## Input data
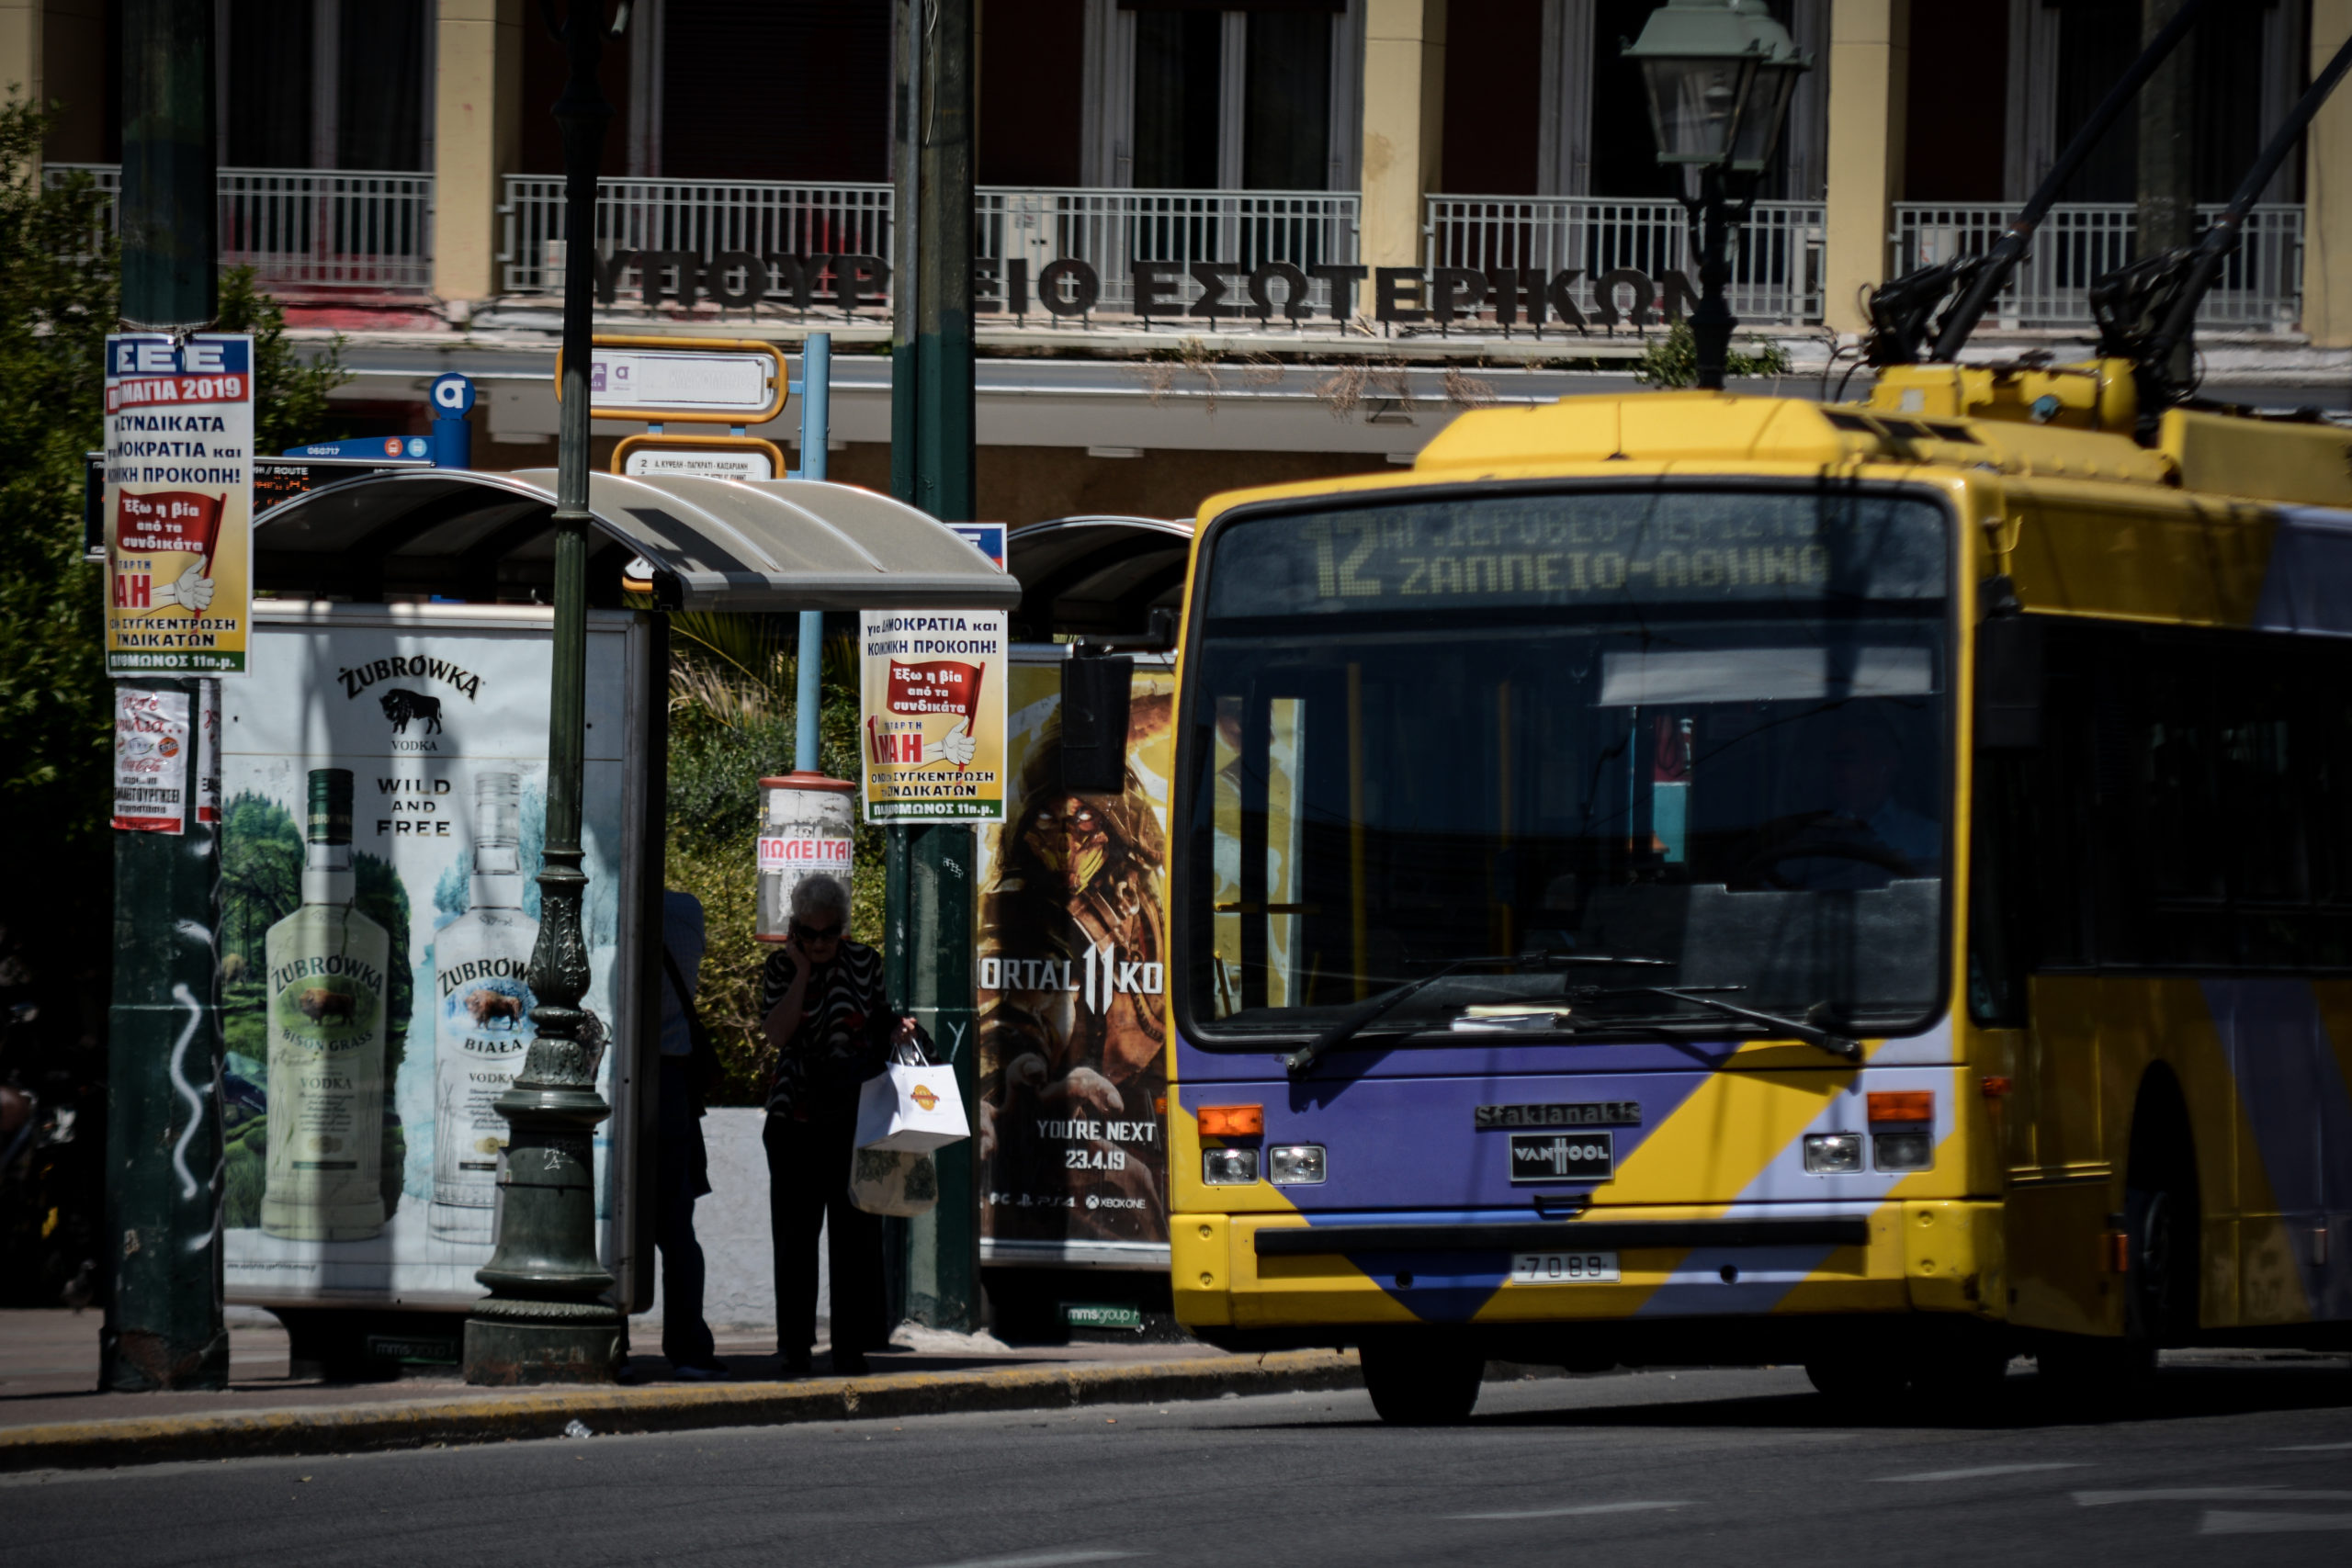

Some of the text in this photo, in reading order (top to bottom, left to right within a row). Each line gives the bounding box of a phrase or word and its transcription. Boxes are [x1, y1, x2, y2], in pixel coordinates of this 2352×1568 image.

[593, 249, 1099, 317] ΥΠΟΥΡΕΙΟ
[182, 378, 242, 400] 2019
[213, 448, 241, 457] και
[143, 467, 240, 483] ΠΡΟΚΟΠΗ!
[155, 503, 167, 518] η
[171, 502, 199, 519] βία
[136, 519, 183, 534] από τα
[122, 535, 204, 552] συνδικάτα
[1300, 512, 1381, 596] 12
[973, 623, 998, 632] και
[914, 640, 997, 654] ΠΡΟΚΟΠΗ!
[337, 655, 481, 705] ŻUBRÓWKA
[893, 668, 963, 685] Έξω η βία
[907, 686, 948, 698] από τα
[893, 700, 967, 714] συνδικάτα
[391, 740, 438, 751] VODKA
[894, 772, 994, 783] ΣΥΓΚΕΝΤΡΩΣΗ
[378, 779, 451, 795] WILD
[391, 801, 436, 813] AND
[377, 819, 451, 837] FREE
[760, 840, 851, 861] ΠΩΛΕΙΤΑΙ
[270, 955, 383, 995] ŻUBRÓWKA
[437, 958, 531, 998] ŻUBRÓW
[978, 957, 1080, 991] ORTAL
[1119, 961, 1164, 995] KO
[282, 1029, 373, 1052] BISON GRASS
[464, 1038, 523, 1054] BIAŁA
[300, 1077, 353, 1090] VODKA
[1036, 1118, 1157, 1143] YOU'RE NEXT
[1065, 1149, 1125, 1171] 23.4.19

## Exercise instructions
Line by line, print the records above exactly, skipping each picture.

## Output for this task
Some of the text in this photo, in reading order (top to bottom, left to right within a row). Each line gives the bounding box of a phrase or word and its transcription. Boxes are [x1, y1, x2, y2], in pixel coordinates of this 2352×1568 image.

[593, 249, 1099, 317] ΥΠΟΥΡΕΙΟ
[182, 378, 242, 400] 2019
[213, 448, 241, 457] και
[143, 467, 240, 483] ΠΡΟΚΟΠΗ!
[155, 503, 167, 518] η
[171, 502, 199, 519] βία
[136, 519, 183, 534] από τα
[122, 535, 204, 552] συνδικάτα
[1300, 512, 1381, 596] 12
[973, 623, 998, 632] και
[914, 640, 997, 654] ΠΡΟΚΟΠΗ!
[337, 655, 481, 705] ŻUBRÓWKA
[893, 668, 963, 685] Έξω η βία
[907, 686, 948, 698] από τα
[893, 700, 967, 714] συνδικάτα
[391, 740, 438, 751] VODKA
[894, 772, 994, 783] ΣΥΓΚΕΝΤΡΩΣΗ
[378, 779, 451, 795] WILD
[391, 801, 436, 813] AND
[377, 819, 451, 837] FREE
[760, 840, 851, 861] ΠΩΛΕΙΤΑΙ
[270, 955, 383, 995] ŻUBRÓWKA
[437, 958, 531, 998] ŻUBRÓW
[978, 957, 1080, 991] ORTAL
[1119, 961, 1164, 995] KO
[282, 1029, 373, 1052] BISON GRASS
[464, 1038, 523, 1054] BIAŁA
[300, 1077, 353, 1090] VODKA
[1036, 1118, 1157, 1143] YOU'RE NEXT
[1065, 1149, 1125, 1171] 23.4.19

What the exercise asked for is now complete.